ASSIGNED TASK ▸ All records below are to be duplicated exactly, with every picture excluded.

[[ EXTRACTED INFORMATION, beginning ]]

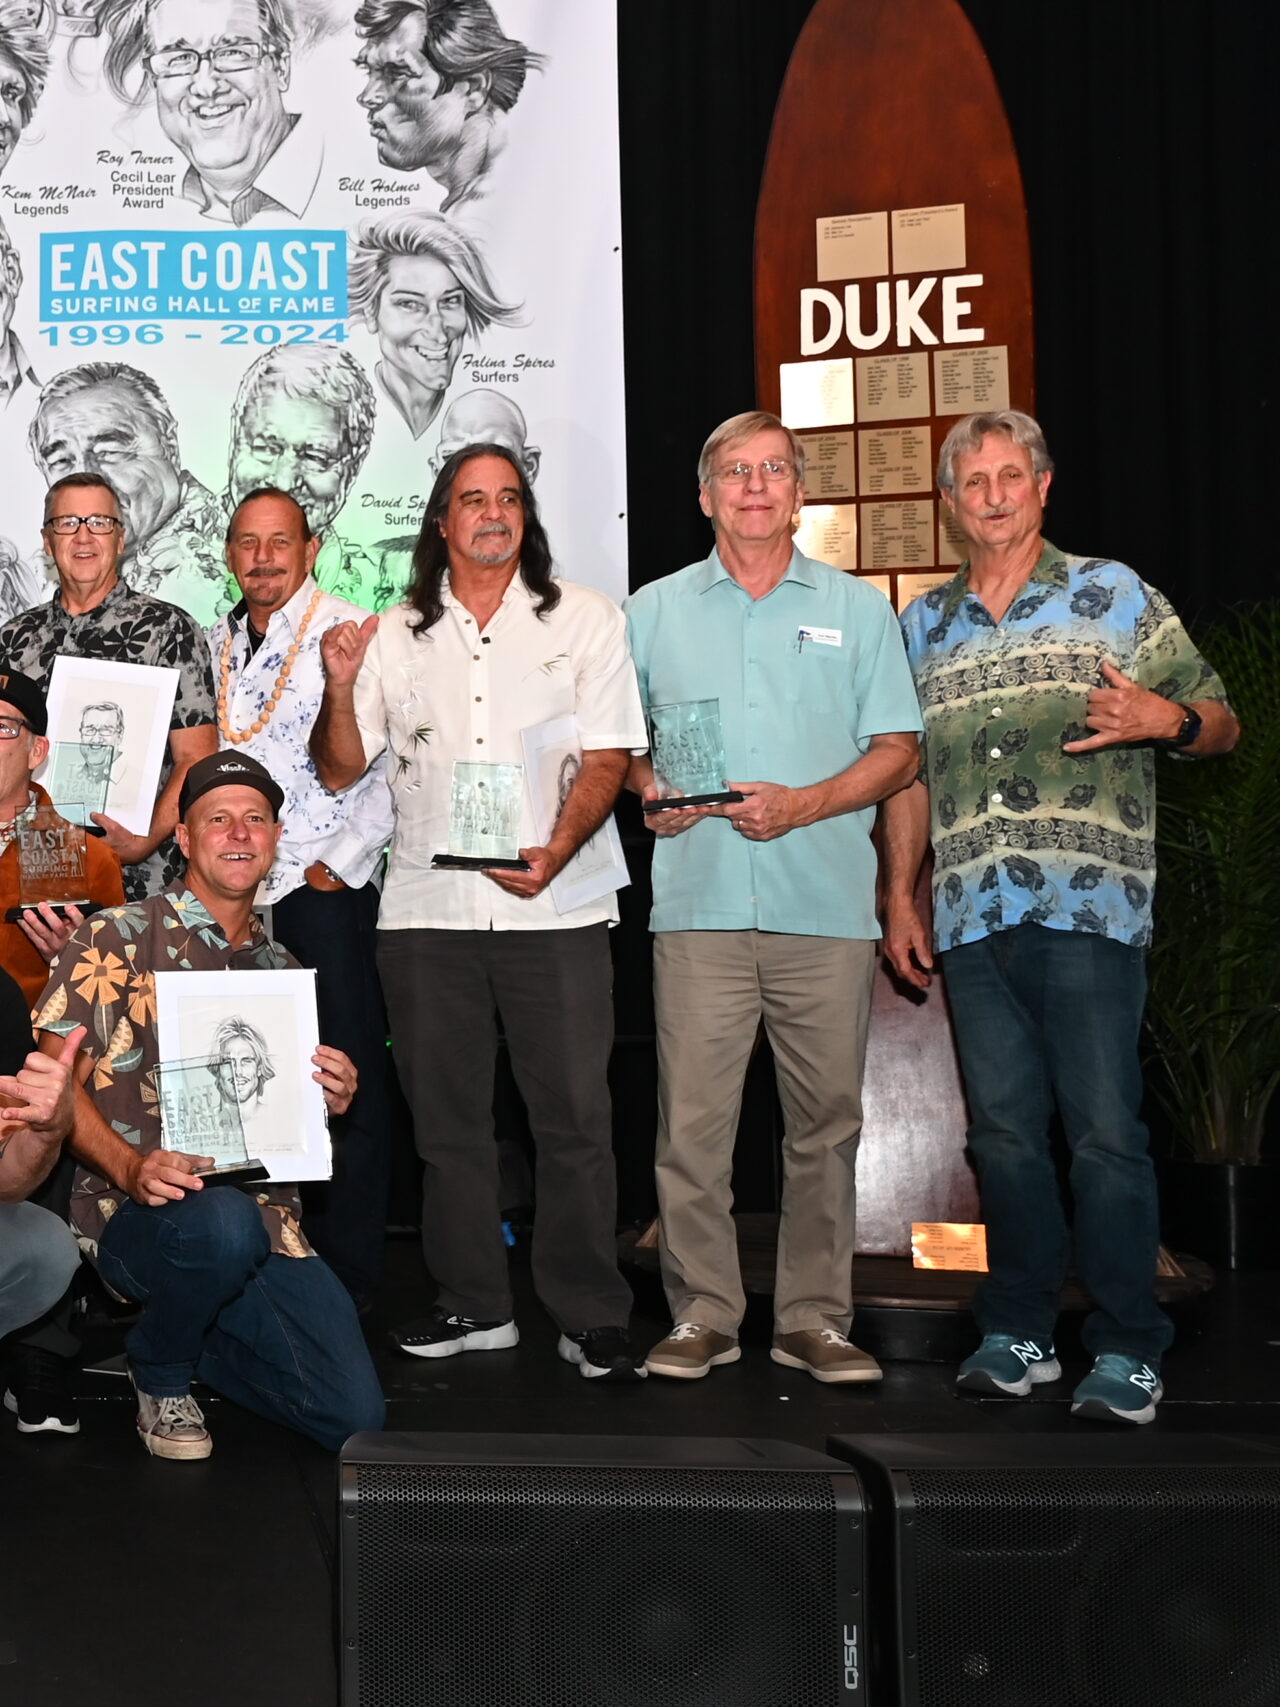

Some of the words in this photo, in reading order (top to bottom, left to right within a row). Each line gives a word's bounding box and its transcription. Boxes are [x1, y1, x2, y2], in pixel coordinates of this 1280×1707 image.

[96, 150, 124, 167] Roy
[130, 150, 174, 165] Turner
[110, 171, 144, 183] Cecil
[147, 172, 176, 183] Lear
[338, 177, 365, 191] Bill
[370, 178, 420, 192] Holmes
[2, 185, 33, 200] Kem
[39, 185, 97, 200] McNair
[112, 184, 174, 198] President
[14, 203, 69, 218] Legends
[122, 197, 164, 209] Award
[355, 195, 410, 209] Legends
[51, 241, 166, 292] EAST
[181, 241, 335, 291] COAST
[50, 296, 158, 314] SURFING
[168, 296, 230, 313] HALL
[238, 298, 262, 313] OF
[269, 297, 335, 313] FAME
[800, 274, 985, 356] DUKE
[39, 324, 164, 346] 1996
[220, 323, 350, 345] 2024
[462, 353, 507, 369] Falina
[513, 354, 555, 371] Spires
[472, 371, 519, 383] Surfers
[361, 493, 402, 508] David
[407, 493, 426, 512] Sp
[384, 513, 423, 525] Surfer
[20, 828, 66, 850] EAST
[21, 848, 67, 866] COAST
[844, 1624, 859, 1690] QSC
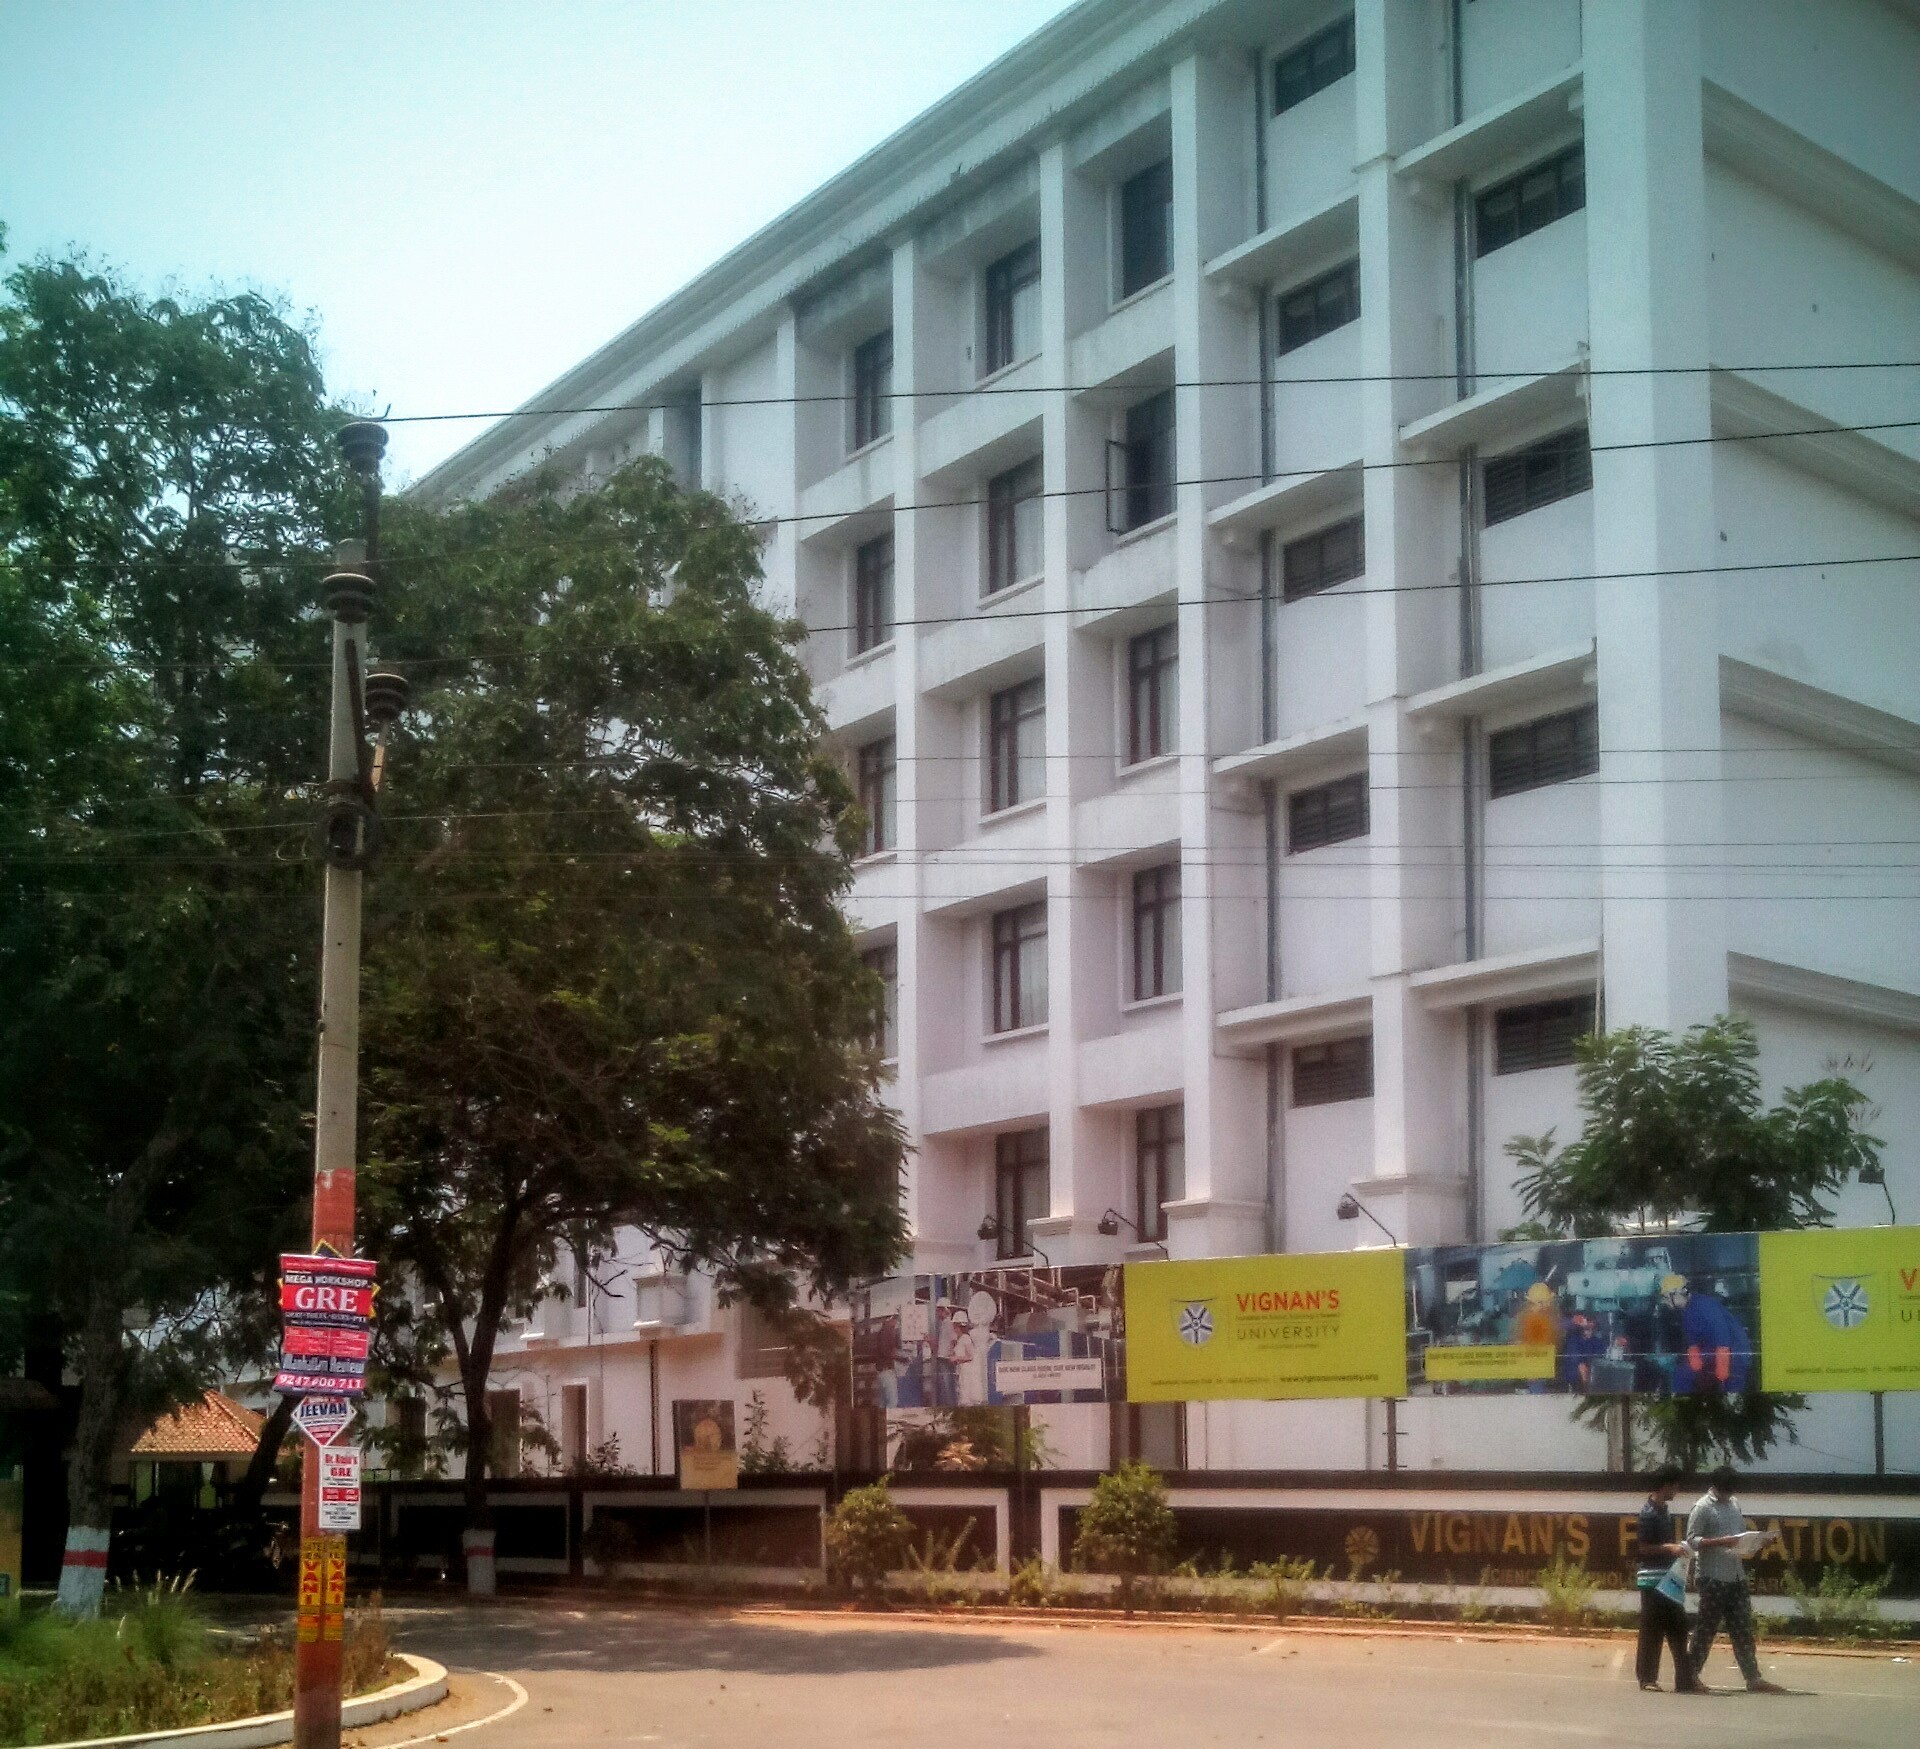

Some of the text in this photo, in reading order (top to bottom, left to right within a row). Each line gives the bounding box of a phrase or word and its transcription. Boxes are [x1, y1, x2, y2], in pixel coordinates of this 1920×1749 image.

[[ EXTRACTED INFORMATION, end ]]

RESULT FOR THIS TASK ▸
Some of the words in this photo, in reading order (top to bottom, left to right within a row). Each line gives a word's bounding box and its transcription. Boxes are [x1, y1, x2, y2], in pixel coordinates of this 1280×1707 image.

[96, 150, 124, 167] Roy
[130, 150, 174, 165] Turner
[110, 171, 144, 183] Cecil
[147, 172, 176, 183] Lear
[338, 177, 365, 191] Bill
[370, 178, 420, 192] Holmes
[2, 185, 33, 200] Kem
[39, 185, 97, 200] McNair
[112, 184, 174, 198] President
[14, 203, 69, 218] Legends
[122, 197, 164, 209] Award
[355, 195, 410, 209] Legends
[51, 241, 166, 292] EAST
[181, 241, 335, 291] COAST
[50, 296, 158, 314] SURFING
[168, 296, 230, 313] HALL
[238, 298, 262, 313] OF
[269, 297, 335, 313] FAME
[800, 274, 985, 356] DUKE
[39, 324, 164, 346] 1996
[220, 323, 350, 345] 2024
[462, 353, 507, 369] Falina
[513, 354, 555, 371] Spires
[472, 371, 519, 383] Surfers
[361, 493, 402, 508] David
[407, 493, 426, 512] Sp
[384, 513, 423, 525] Surfer
[20, 828, 66, 850] EAST
[21, 848, 67, 866] COAST
[844, 1624, 859, 1690] QSC

Some of the text in this photo, in reading order (top to bottom, left to right within a row). Each line gives the bounding box of a phrase or word and its transcription. Boxes are [x1, y1, x2, y2], in pixel coordinates of this 1920×1749 image.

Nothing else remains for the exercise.